- [DATA FOR THIS TASK]
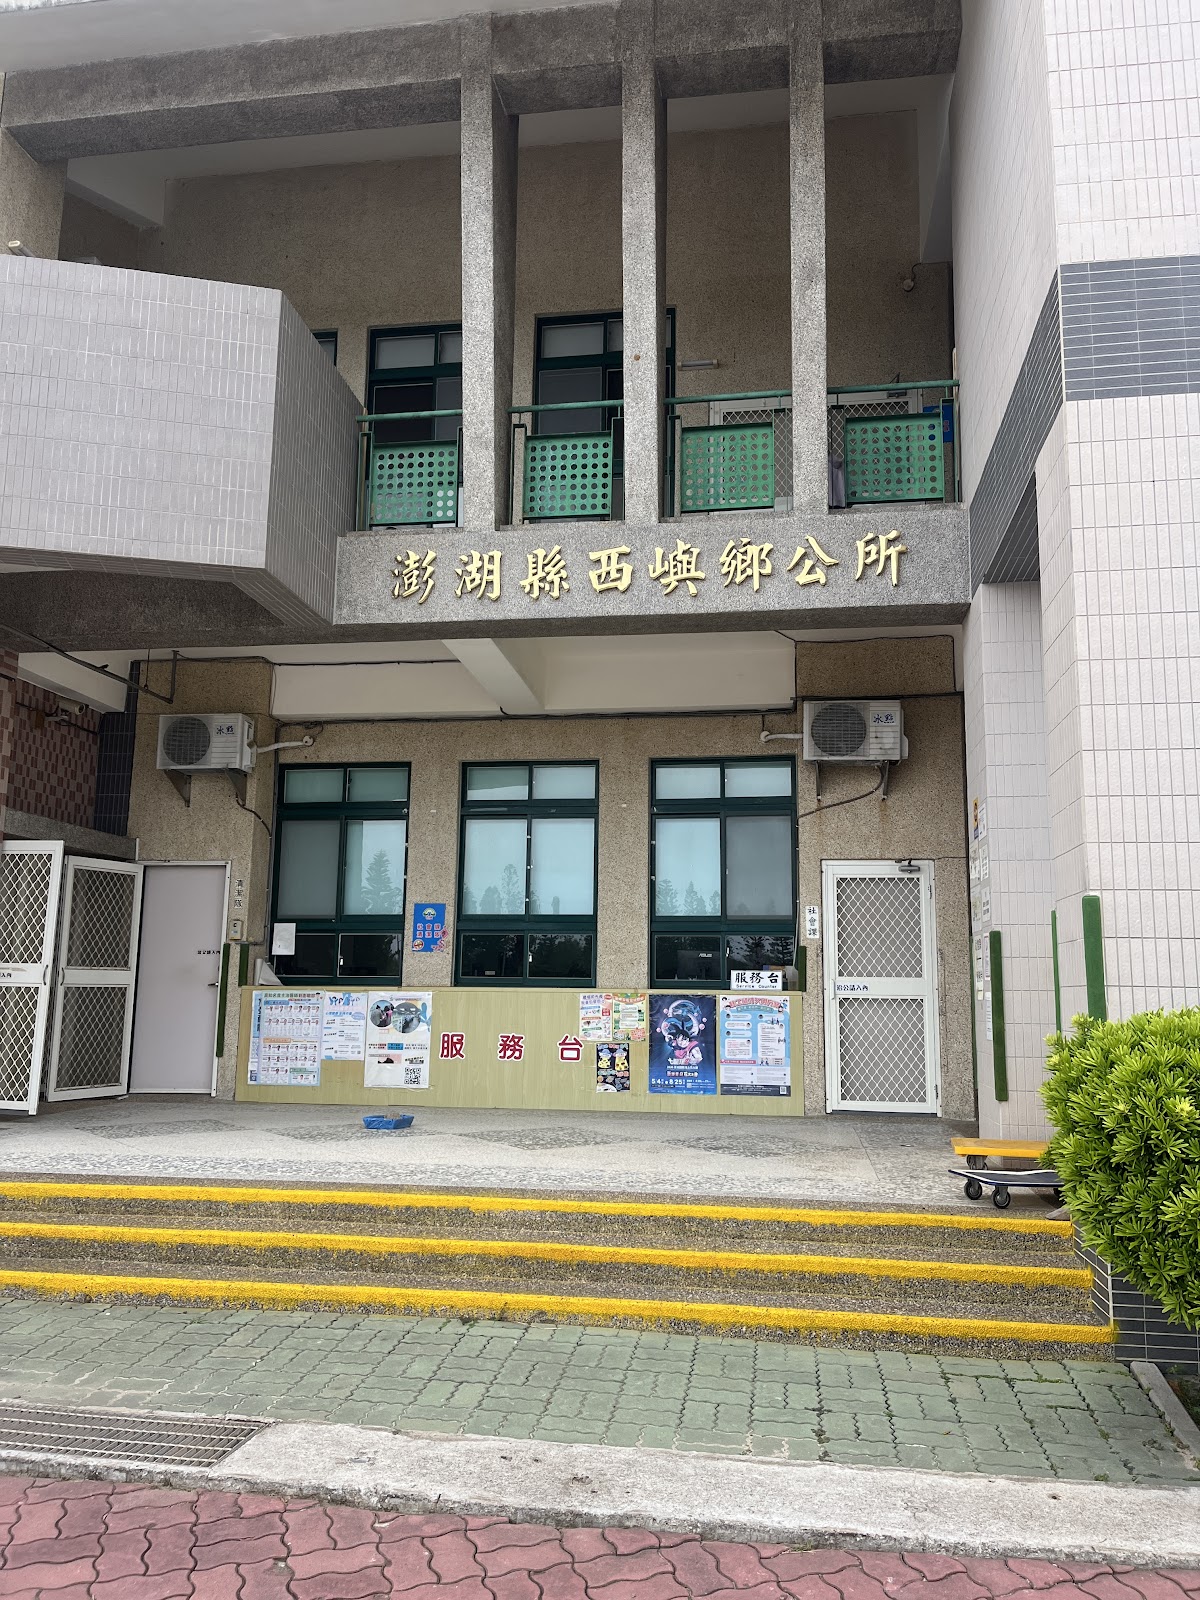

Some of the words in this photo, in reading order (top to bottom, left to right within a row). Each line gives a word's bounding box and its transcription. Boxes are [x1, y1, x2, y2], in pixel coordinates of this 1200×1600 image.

[390, 529, 907, 604] 澎湖縣西嶼鄉公所
[807, 906, 818, 937] 社會課
[735, 972, 779, 984] 服務台
[439, 1032, 584, 1061] 服務台

- [EXERCISE PROMPT]
Could you transcribe the records above exactly, leaving every picture out?

- [TASK OUTPUT]
Some of the words in this photo, in reading order (top to bottom, left to right within a row). Each line gives a word's bounding box and its transcription. Boxes are [x1, y1, x2, y2], in pixel coordinates of this 1200×1600 image.

[390, 529, 907, 604] 澎湖縣西嶼鄉公所
[807, 906, 818, 937] 社會課
[735, 972, 779, 984] 服務台
[439, 1032, 584, 1061] 服務台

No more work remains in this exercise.